O olhar possui a força para agregar as coisas mais afastadas graças ao ar, sentindo delas as suas cores e formas. Ao tocá-las, ao abraçá-las, o olhar as percebe, as “cata”, estabelecendo um vínculo entre o espírito, o olho, a luz e o ar iluminado.
As fotografias aqui expostas encenam justamente este momento de reunião, em que todos os elementos responsáveis pelo fenômeno do visível são materializados. A luz, corpórea, entra por frestas ou se oferece em nesgas, definindo os contornos e atravessando o espaço como fantasmas de luz. Do olho, coincidente com a lente da câmera, parte aquele que vê como um espírito peregrino em busca daquilo que sempre soube existir (pois o torna existente), para em seguida restituir à memória a imagem captada, porém experimentada, pela comunhão com o meio exterior onde, no ar inundado de luz, as coisas habitam.

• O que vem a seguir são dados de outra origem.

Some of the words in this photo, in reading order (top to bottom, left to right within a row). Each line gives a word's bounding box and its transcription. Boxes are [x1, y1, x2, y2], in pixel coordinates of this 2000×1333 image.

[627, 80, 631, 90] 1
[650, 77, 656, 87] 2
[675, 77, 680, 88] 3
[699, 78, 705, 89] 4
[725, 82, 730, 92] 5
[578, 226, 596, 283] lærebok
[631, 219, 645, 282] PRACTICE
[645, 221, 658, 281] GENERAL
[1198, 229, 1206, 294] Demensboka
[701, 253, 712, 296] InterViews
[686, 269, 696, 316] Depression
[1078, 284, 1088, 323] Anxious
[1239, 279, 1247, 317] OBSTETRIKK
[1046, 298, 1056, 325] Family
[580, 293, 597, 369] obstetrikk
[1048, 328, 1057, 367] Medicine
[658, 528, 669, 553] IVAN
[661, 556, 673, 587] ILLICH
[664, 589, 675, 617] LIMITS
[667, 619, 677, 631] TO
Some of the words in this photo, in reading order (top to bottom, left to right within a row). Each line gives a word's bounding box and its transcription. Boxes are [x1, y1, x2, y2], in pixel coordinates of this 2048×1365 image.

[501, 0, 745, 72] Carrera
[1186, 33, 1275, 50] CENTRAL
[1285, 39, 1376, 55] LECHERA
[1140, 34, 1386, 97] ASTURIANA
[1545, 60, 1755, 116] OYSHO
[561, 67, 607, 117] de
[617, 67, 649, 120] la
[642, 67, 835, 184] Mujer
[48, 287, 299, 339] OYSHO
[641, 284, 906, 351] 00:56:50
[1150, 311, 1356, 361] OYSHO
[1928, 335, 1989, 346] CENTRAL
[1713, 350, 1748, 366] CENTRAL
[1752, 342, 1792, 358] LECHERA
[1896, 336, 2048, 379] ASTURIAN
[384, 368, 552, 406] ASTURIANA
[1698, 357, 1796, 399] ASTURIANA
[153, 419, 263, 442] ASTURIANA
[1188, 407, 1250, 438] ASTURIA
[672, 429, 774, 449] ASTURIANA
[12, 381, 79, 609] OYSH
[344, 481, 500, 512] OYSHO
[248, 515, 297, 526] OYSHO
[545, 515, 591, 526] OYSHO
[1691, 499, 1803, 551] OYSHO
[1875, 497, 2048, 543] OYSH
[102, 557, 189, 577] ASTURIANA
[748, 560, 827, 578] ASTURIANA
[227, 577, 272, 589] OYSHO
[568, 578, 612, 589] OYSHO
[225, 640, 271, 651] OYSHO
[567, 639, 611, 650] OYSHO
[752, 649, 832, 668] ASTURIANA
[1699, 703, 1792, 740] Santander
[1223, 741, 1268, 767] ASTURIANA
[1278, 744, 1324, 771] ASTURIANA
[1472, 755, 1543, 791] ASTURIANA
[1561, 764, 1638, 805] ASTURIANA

A solidão presente nestas fotos não ilude os demais espectadores porque é imaginada na recepção do visível, subjetiva, pela imaginação, fantasia e memória da artista. A imagem, neste caso, não se oferece aos sentidos do espectador como algo insignificante, imagem acidental, sem essência ou falsa. Todos aqueles objetos, aquelas coisas, a cortina transpassada pela luz do sol, a ponto de se incendiar; a velha cama desarrumada guardando ainda os vestígios do dormidor; a velha bicicleta; os utensílios baratos espalhados pela mesa, vasos, flores de plástico, frascos e latas, ou a pequena estrela do mar sobrestando o arco de luz que percorre a pálida parede a supor a presença do olho, são imagens sensíveis materiais, e, portanto, essenciais.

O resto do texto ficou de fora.